The demonstrated forecast skill by AIWP models on its own makes a strong case for government agencies, such as the National Oceanic and Atmospheric Administration (NOAA) and the ECMWF, to consider and plan for the eventual integration of AIWP into their operational modeling processes. Indeed, both agencies show great interest in this technology. The ECMWF has developed their own AI-based weather forecasting model, named AIFS (Lang et al. 2024), and NOAA recently hosted a workshop on AI for NWP (AI4NWP) [NOAA’ Physical Sciences Laboratory (NOAA-PSL) 2023] that focused not only on exploring opportunities of AI-based models for NWP but also on the challenges of integrating AIWP into the research-to-operation cycle.

In addition to performance considerations, the dramatically greater efficiency of AIWP compared to traditional NWP could pave the way for a wide range of new forecasting applications, such as extremely large ensemble prediction systems for better-calibrated probability distributions, rapid initial condition sensitivity analysis, and personal, on-demand weather modeling, and certainly others that we have not yet considered.

a.

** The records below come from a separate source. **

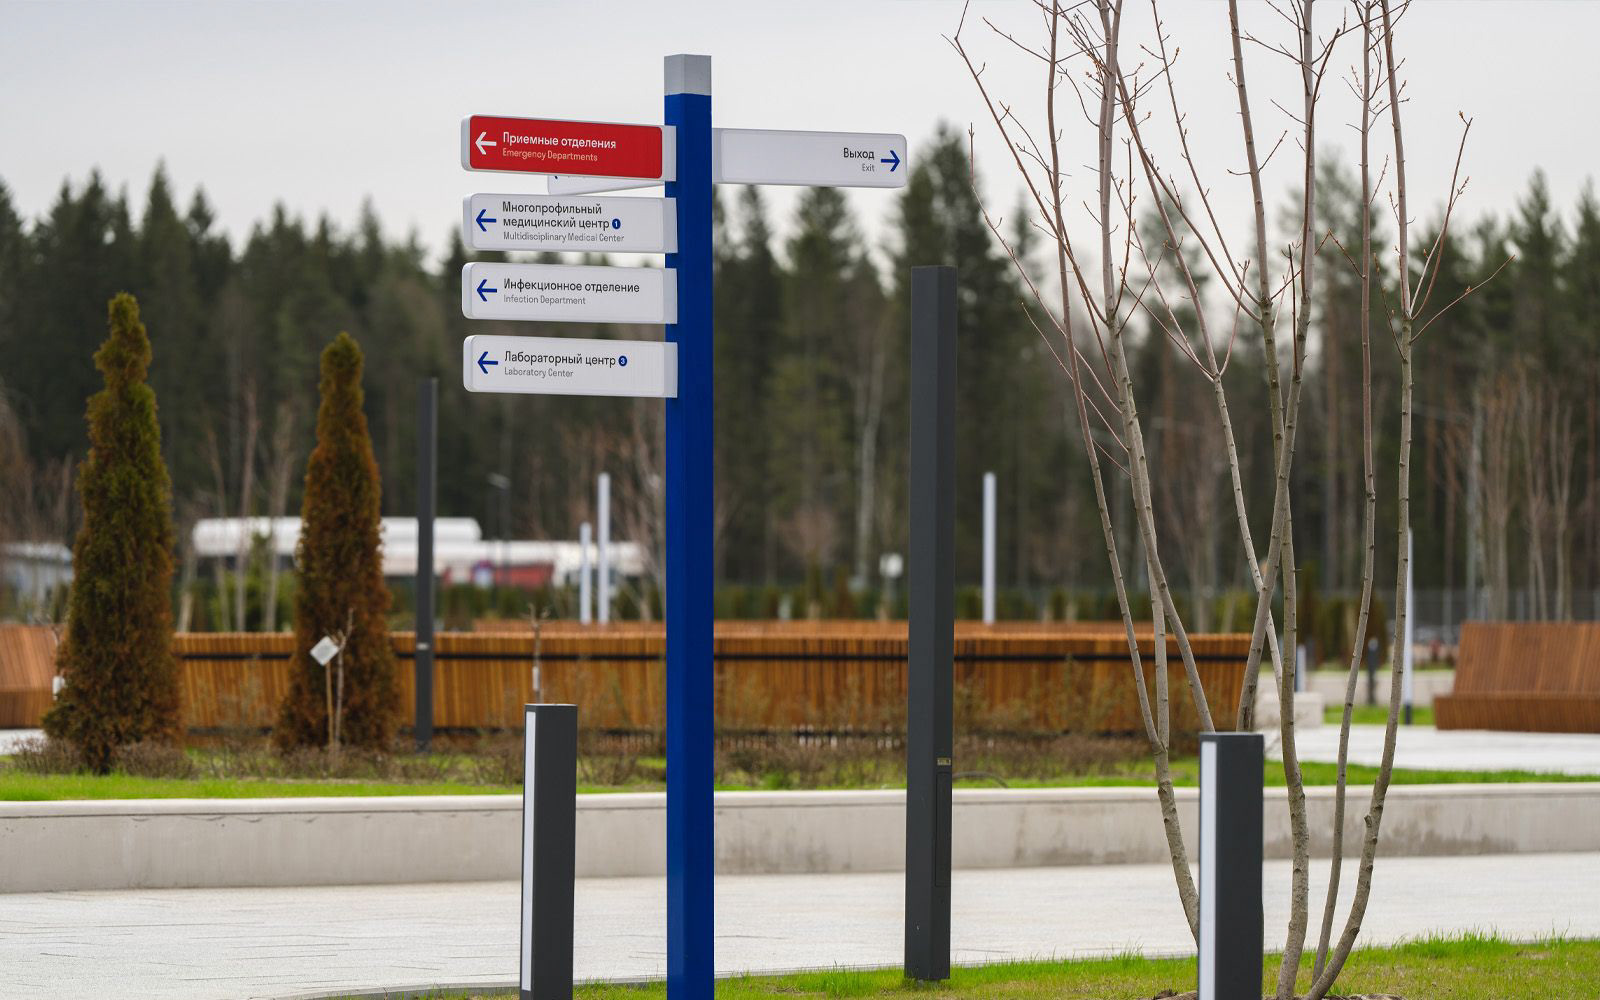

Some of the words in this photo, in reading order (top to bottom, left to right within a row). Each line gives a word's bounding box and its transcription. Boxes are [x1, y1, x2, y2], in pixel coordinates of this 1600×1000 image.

[503, 132, 559, 146] Приемные
[561, 138, 617, 149] отделения
[502, 148, 546, 160] Emergency
[547, 151, 598, 162] Departments
[843, 147, 875, 160] Выход
[861, 163, 875, 172] Exit
[502, 201, 602, 216] Многопрофильный
[503, 217, 576, 229] медицинский
[579, 219, 610, 231] центр
[503, 231, 567, 243] Multidisciplinary
[568, 233, 598, 242] Medical
[599, 234, 625, 242] Center
[503, 278, 582, 292] Инфекционное
[584, 283, 640, 293] отделение
[504, 294, 539, 304] Infection
[540, 295, 586, 306] Department
[504, 351, 583, 366] Лабораторный
[585, 355, 616, 368] центр
[504, 368, 547, 379] Laboratory
[547, 369, 574, 378] Center

Urgently needed: AI model evaluation from meteorological perspective.

Despite the initial performance results and tremendous opportunity, a substantial amount of work remains prior to potential transition to operations. The primary metrics used for evaluation so far are RMSE and ACC applied to all model outputs. While this is a natural and necessary starting point, many other aspects need to be urgently investigated (Ebert-Uphoff and Hilburn 2023). In particular, AI-based models behave differently from physically based models, and forecasters may need to learn the strengths and weaknesses of AI-based models to help inform their forecasts. Key topics to be investigated include the following:

  • The feature-based verification of events such as tropical cyclones, atmospheric blocking, and atmospheric rivers with metrics targeted to the specific feature is a crucial next step to determine if AI-based models can accurately depict impactful meteorological phenomena.

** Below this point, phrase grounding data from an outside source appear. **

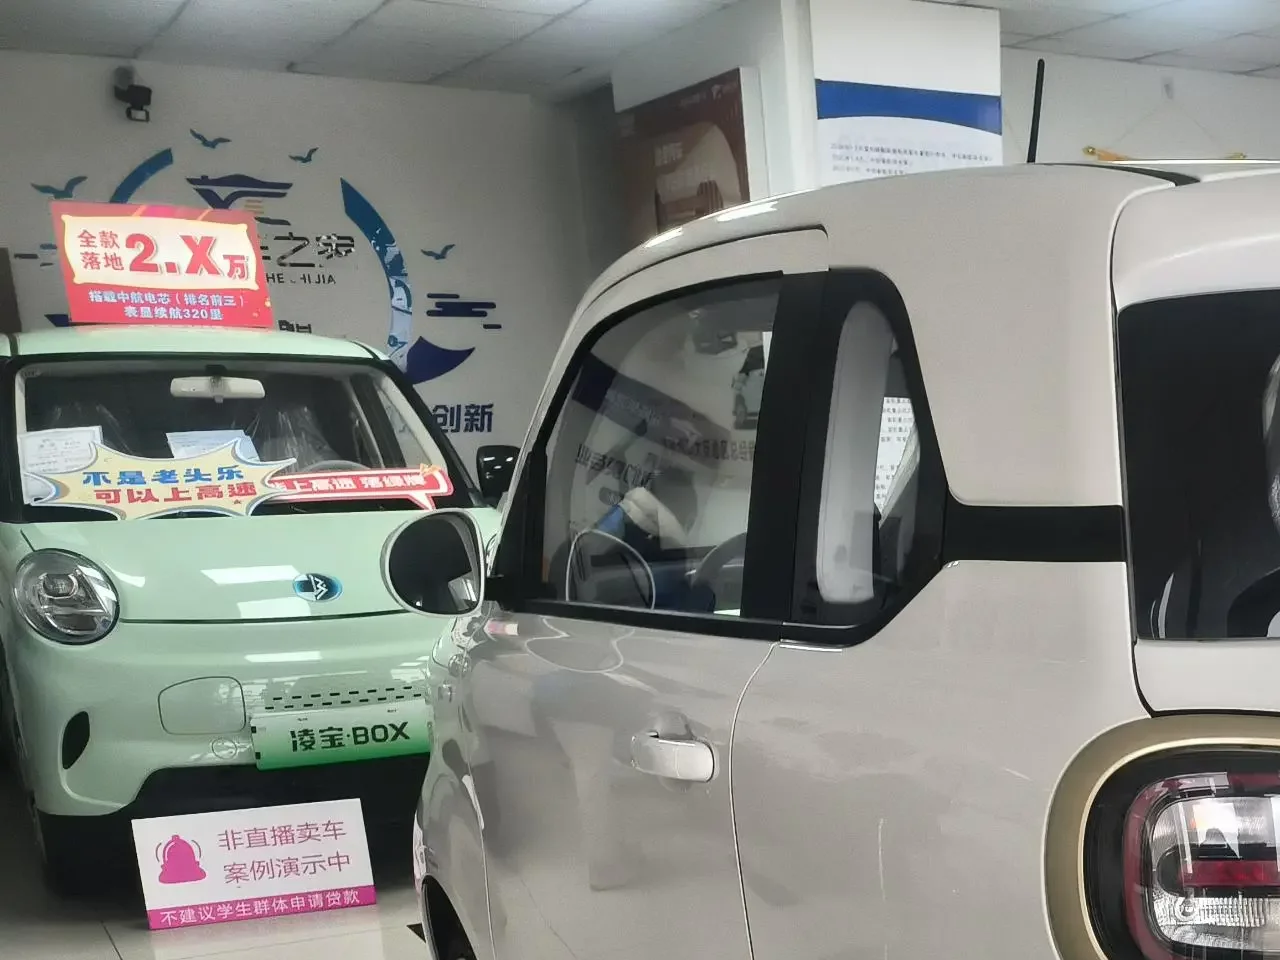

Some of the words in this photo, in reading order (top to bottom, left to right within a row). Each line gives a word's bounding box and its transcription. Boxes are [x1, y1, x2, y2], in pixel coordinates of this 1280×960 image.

[77, 229, 121, 249] 全款
[79, 251, 125, 271] 落地
[432, 403, 495, 433] 创新
[82, 464, 245, 487] 不是老头乐
[93, 482, 258, 504] 可以上高速
[217, 819, 348, 851] 非直播卖车
[222, 850, 351, 884] 案例演示中
[159, 888, 361, 927] 不建议学生群体申请贷款
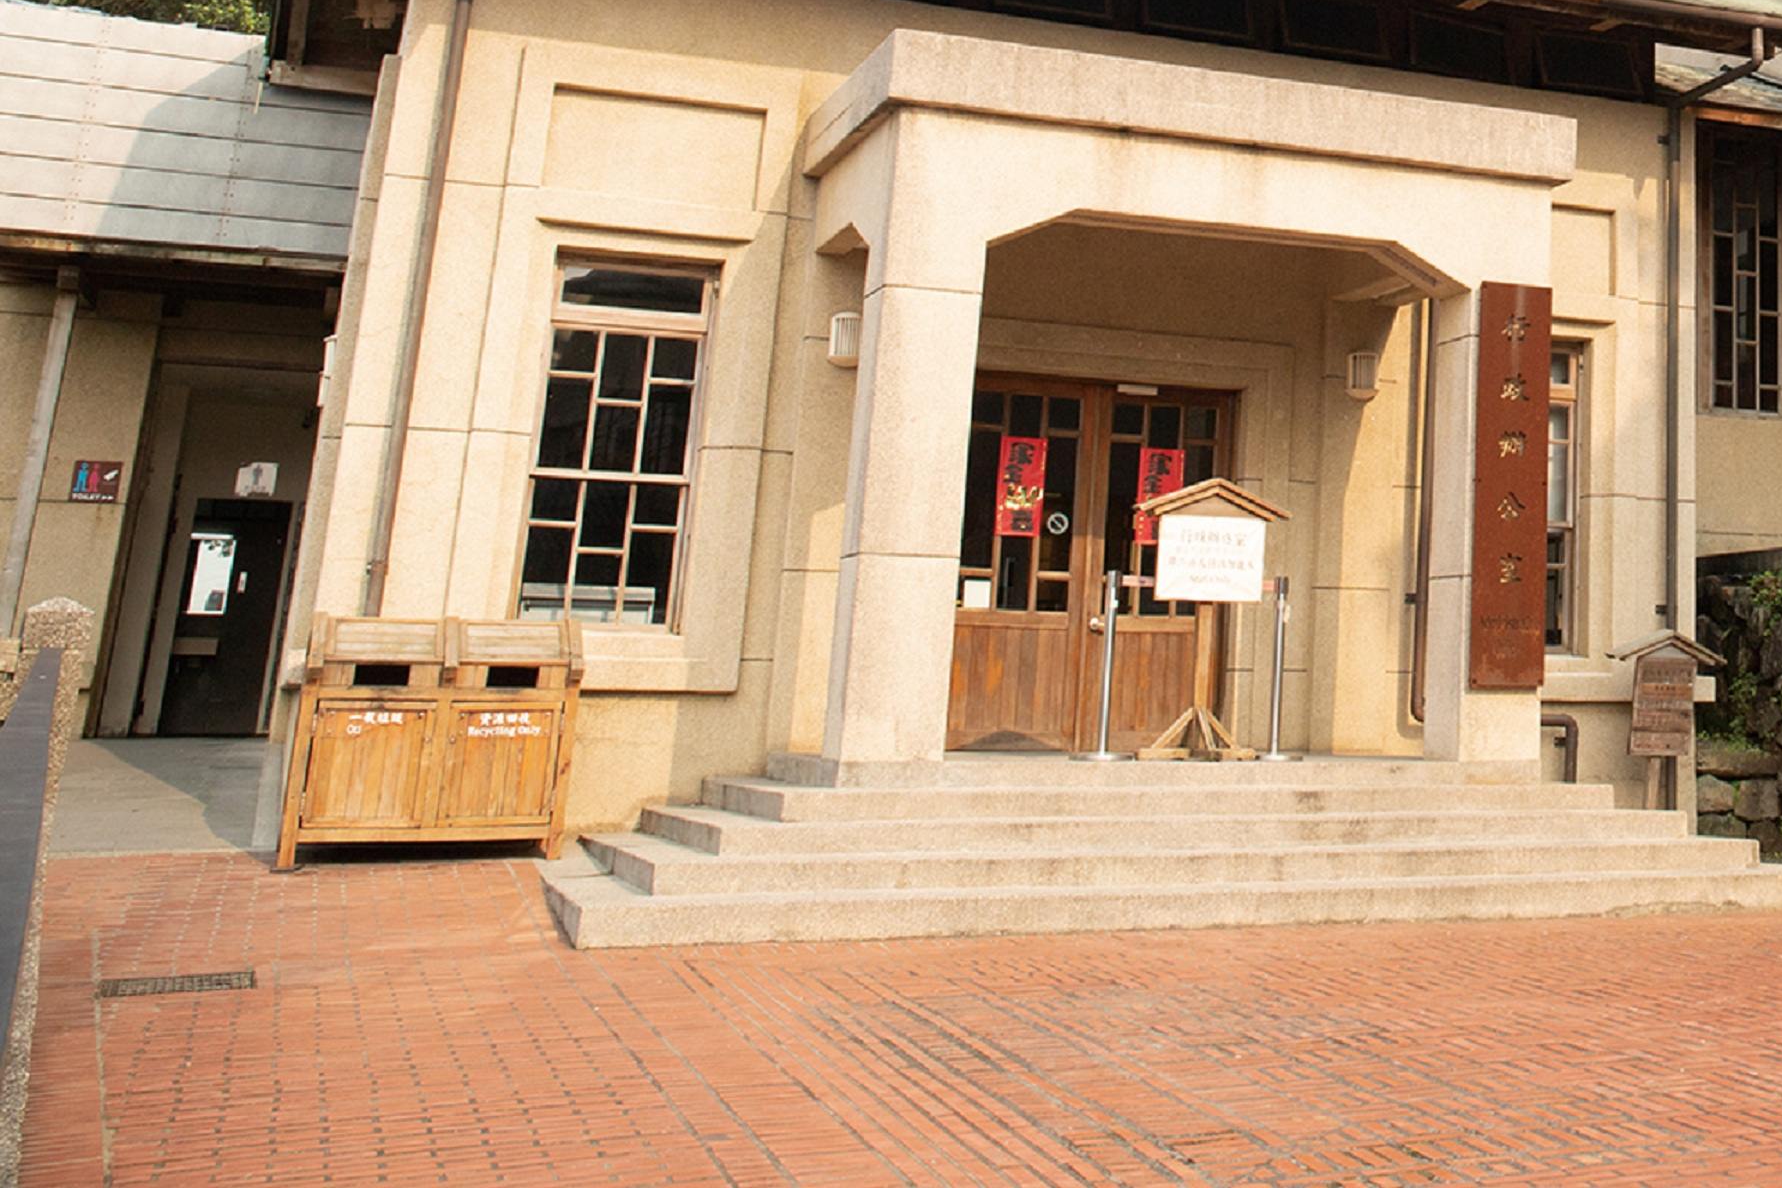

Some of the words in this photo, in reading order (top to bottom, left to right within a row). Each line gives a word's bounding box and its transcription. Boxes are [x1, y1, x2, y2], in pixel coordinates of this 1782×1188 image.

[1498, 313, 1530, 583] 行政辦公室
[72, 492, 101, 500] TOILET
[480, 712, 530, 726] 資源回收
[467, 726, 516, 737] Recycling
[517, 725, 541, 737] Only

  • Similarly, the verification of performance for extremes of traditional variables is a priority. A common sentiment within the meteorological community is that AI-based models struggle to represent extreme events due to their low prevalence in training datasets (such as intense precipitation in Lavers et al. 2022) and the application of L1 (mean absolute error; Bi et al. 2023), L2 (mean-square error; Pathak et al. 2022; Bonev et al. 2023), or pressure-weighted L2 loss (Lam et al. 2023), which may discourage predictions toward the tail ends of variable distributions. Preliminary evaluation has shown AIWP models to be surprisingly skillful when it comes to these types of extremes (Lam et al. 2023; Bouallègue et al. 2024; Charlton-Perez et al. 2024), but additional independent validation on a robust reforecast dataset would be extremely valuable.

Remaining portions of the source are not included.